I use an electric fillet knife and fillet the mullet, removing the skin. 

I then cut off the rib section since there isn't much to eat when it has been smoked. It also allows me to put more on the BGE

I season with olive oil, soy sauce, salt, and creole seasoning and throw on the BGE. I cook until it is done. I don't have a thermometer, I just eyeball it. 

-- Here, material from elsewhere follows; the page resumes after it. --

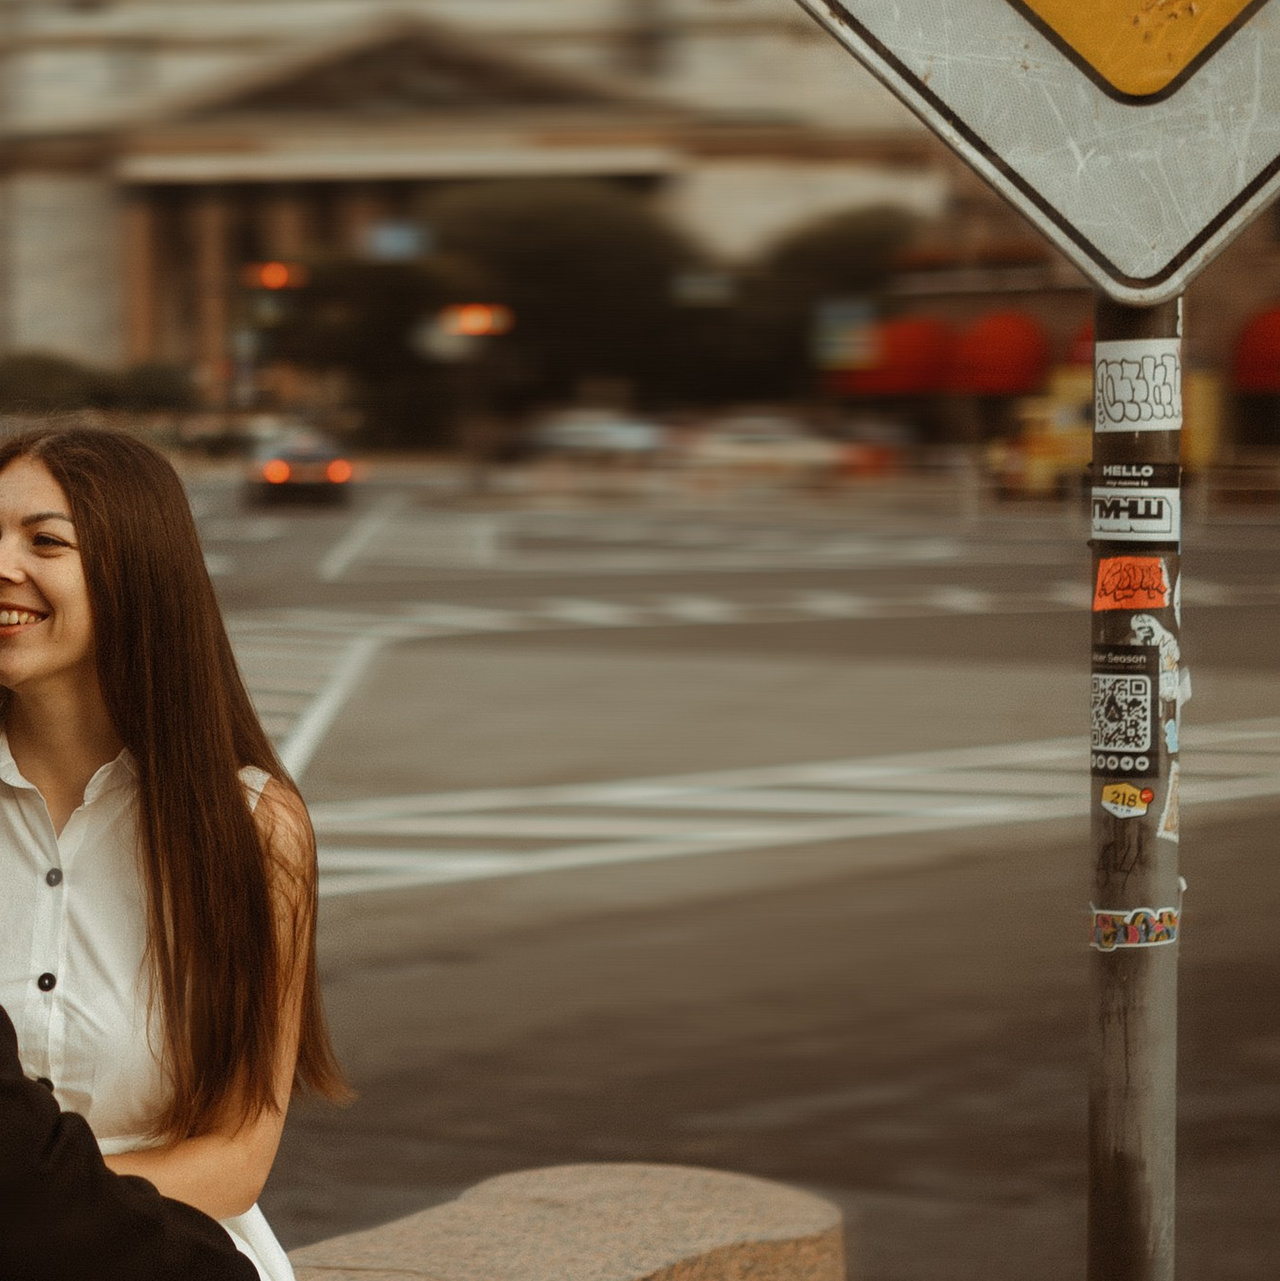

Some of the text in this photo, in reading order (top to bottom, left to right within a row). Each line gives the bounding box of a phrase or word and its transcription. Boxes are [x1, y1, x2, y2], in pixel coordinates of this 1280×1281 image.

[1103, 465, 1154, 477] HELLO
[1107, 652, 1147, 664] Season
[1110, 790, 1138, 808] 218
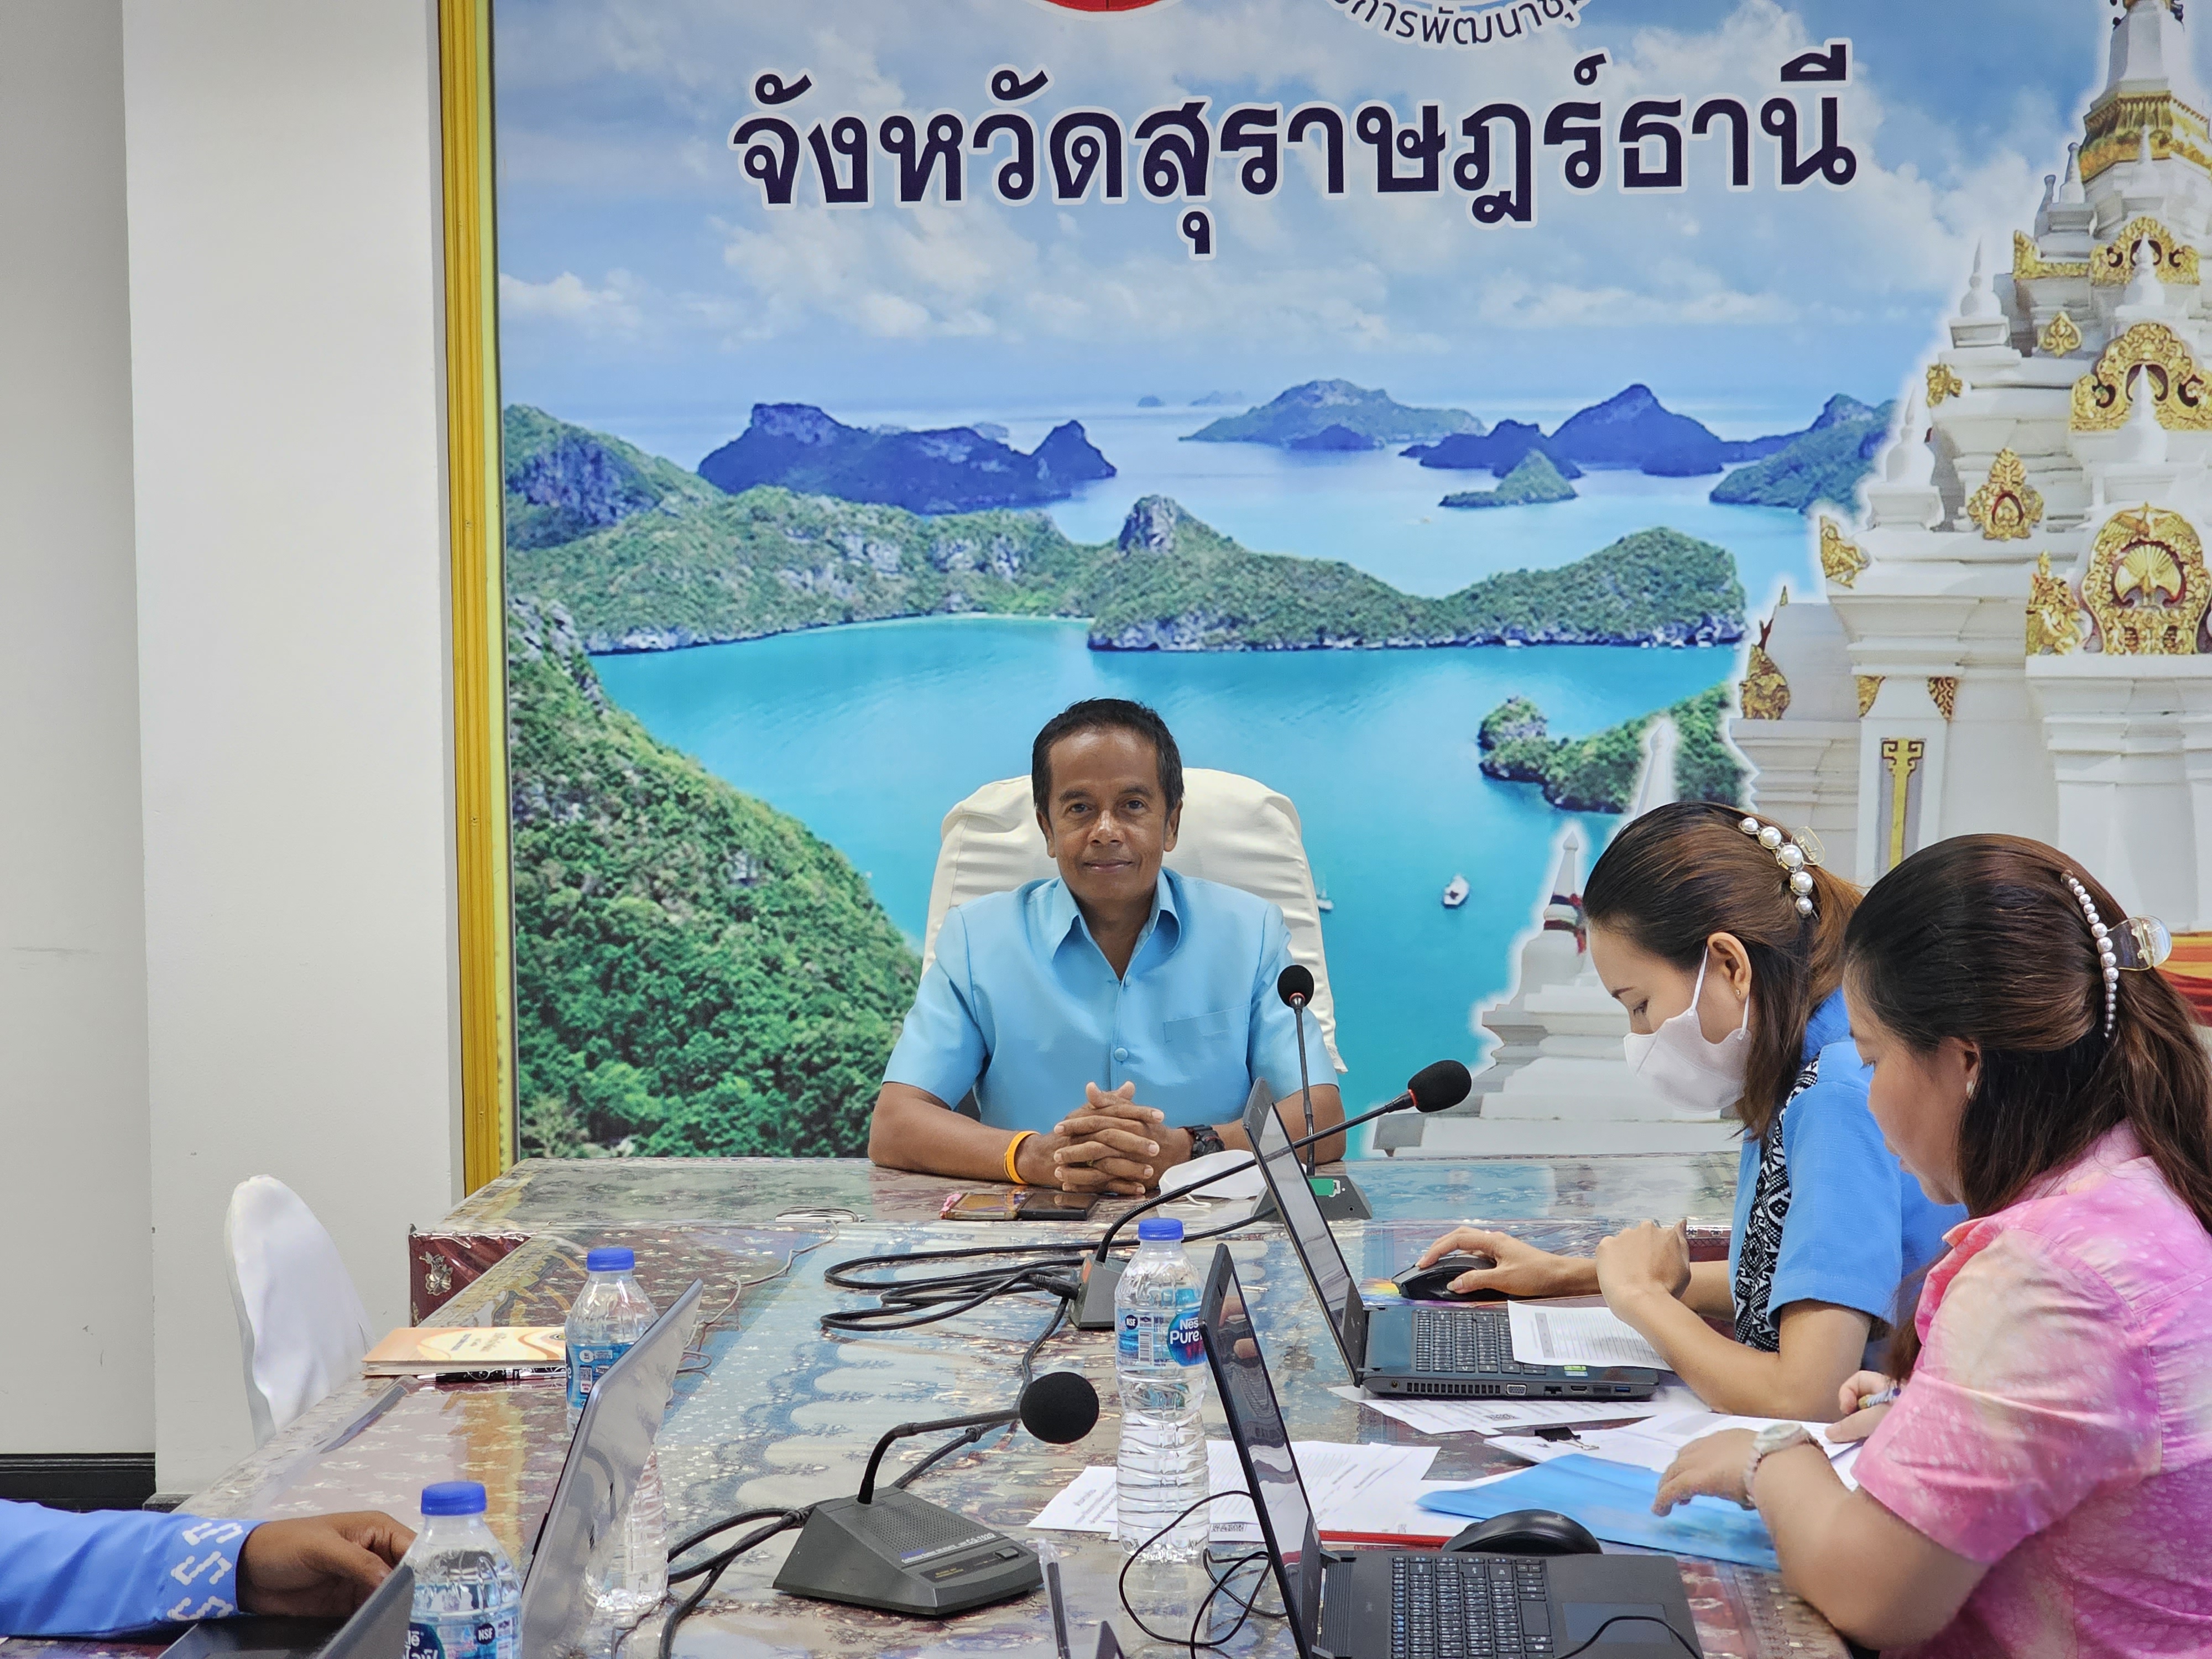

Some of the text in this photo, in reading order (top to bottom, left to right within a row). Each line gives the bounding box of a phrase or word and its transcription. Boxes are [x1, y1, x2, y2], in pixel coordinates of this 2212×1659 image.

I like mullet smoked with the skin on, but i do like this better since it is less messy and tastes just as good


----------



## lsucole (May 7, 2009)

Hey Floridadeputy meet fire228 !!


----------



## swhiting (Oct 4, 2007)

Rickpcfl said:


> I may get kicked off the forum for smoking mullet like this.


Premeditated....



Rickpcfl said:


> I use an electric fillet knife


Dear Lord!



Rickpcfl said:


> removing the skin.


This is enough evidence for banishment right here.



Rickpcfl said:


> I then cut off the rib section


Wasting resources. I bet he doesn't use the backbones either.



Rickpcfl said:


> I season with olive oil


Who is this, Rachel Ray?



Rickpcfl said:


> I like mullet smoked with the skin on,


No need to backtrack here. You've already ruined it.



Rickpcfl said:


> but i do like this better since it is less messy and tastes just as good


Do you eat your BBQ and pizza with a fork too?

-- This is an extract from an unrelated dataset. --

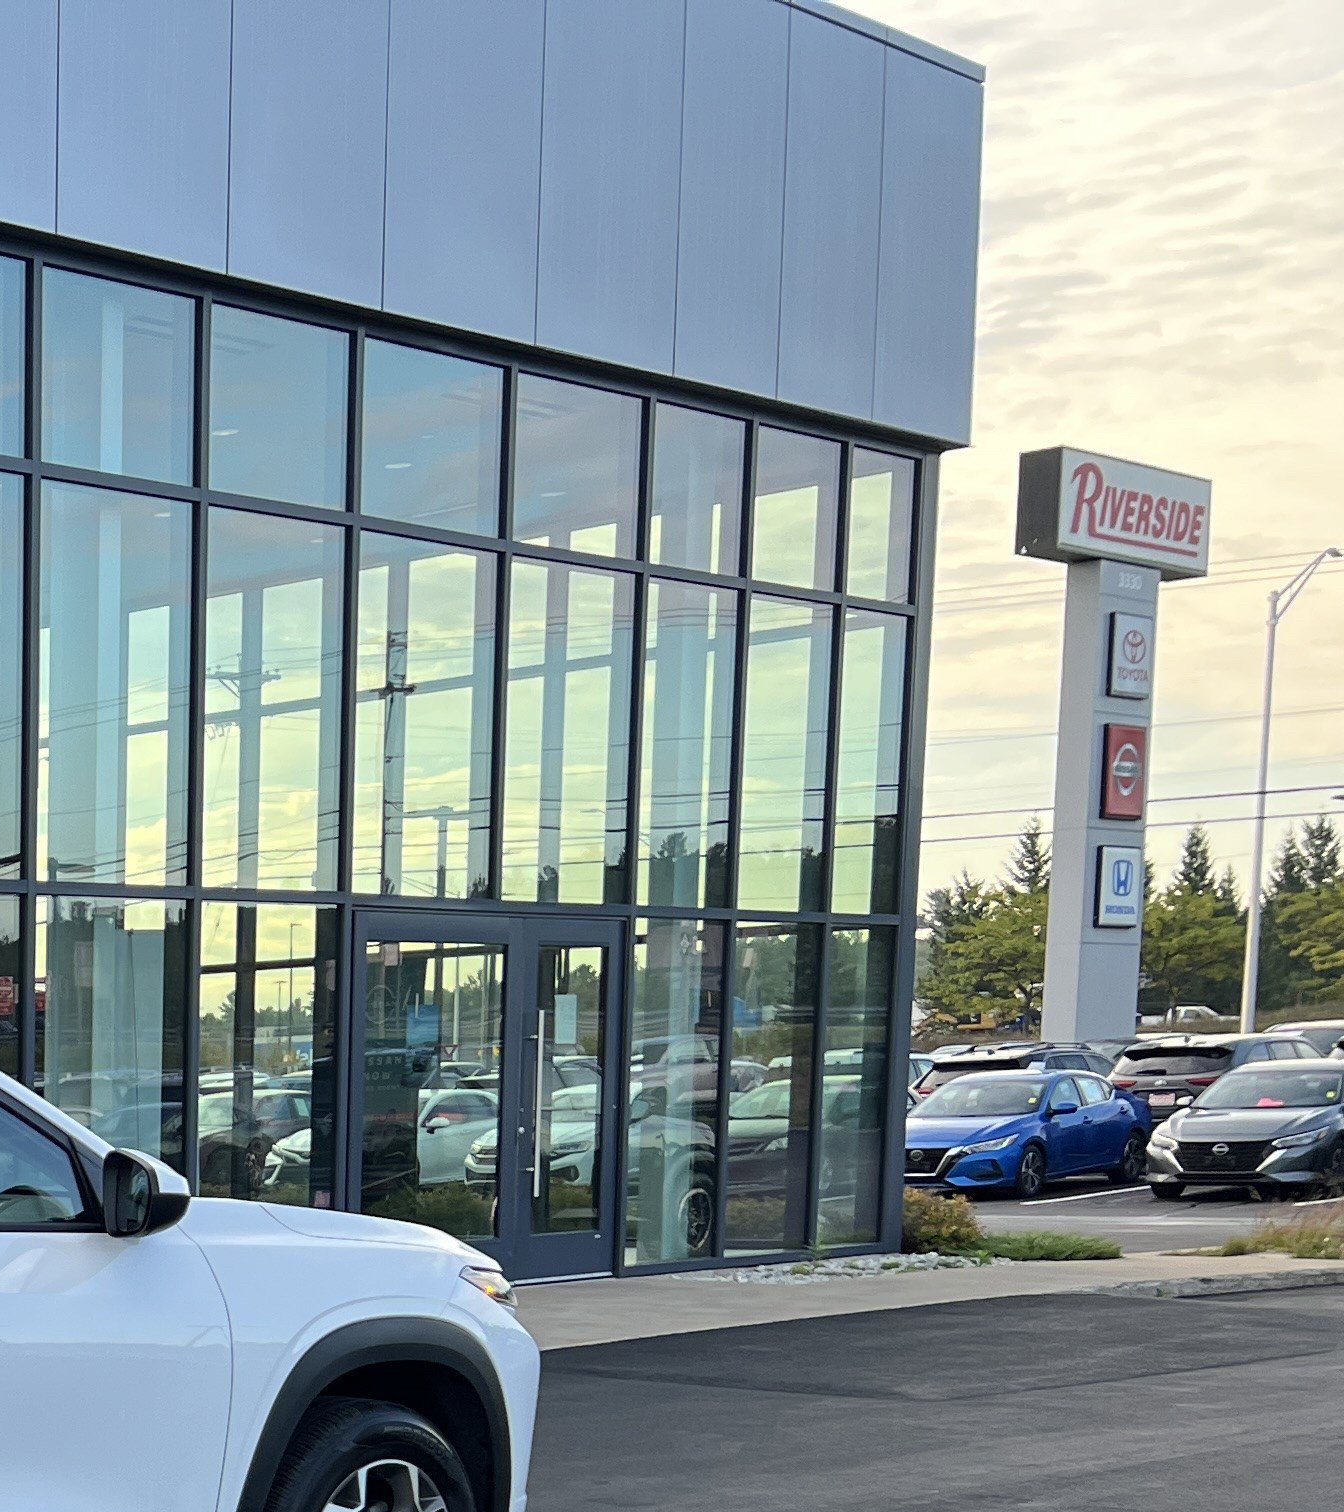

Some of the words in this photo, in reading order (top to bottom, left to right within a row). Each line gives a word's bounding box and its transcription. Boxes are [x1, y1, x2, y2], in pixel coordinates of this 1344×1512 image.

[1070, 462, 1206, 550] RIVERSIDE
[1116, 666, 1149, 682] TOYOTA
[1104, 904, 1135, 915] HONDA

:thumbup::thumbup::thumbup:


----------



## X-Shark (Oct 3, 2007)

They get Butterflied, Then Brined in this over night. I use a Turkey Leg Brine from this book.
http://www.amazon.com/Smoking-Meat-Essential-Guide-Barbecue/dp/1770500383/ref=sr_1_1?ie=UTF8&qid=1389970288&sr=8-1&keywords=Smoking+meat


----------



## feelin' wright (Oct 7, 2007)

Brine for 30 minutes in dale's, little pepper and tony's, and smoke at 200 for about hour and half.


----------



## Rickpcfl (Nov 12, 2013)

swhiting said:


> Premeditated....
> 
> Wasting resources. I bet he doesn't use the backbones either.
> 
> ...


LMAO. 

I don't eat BBQ or pizza. I can't risk getting sauce stains on my pretty white silk shirt.  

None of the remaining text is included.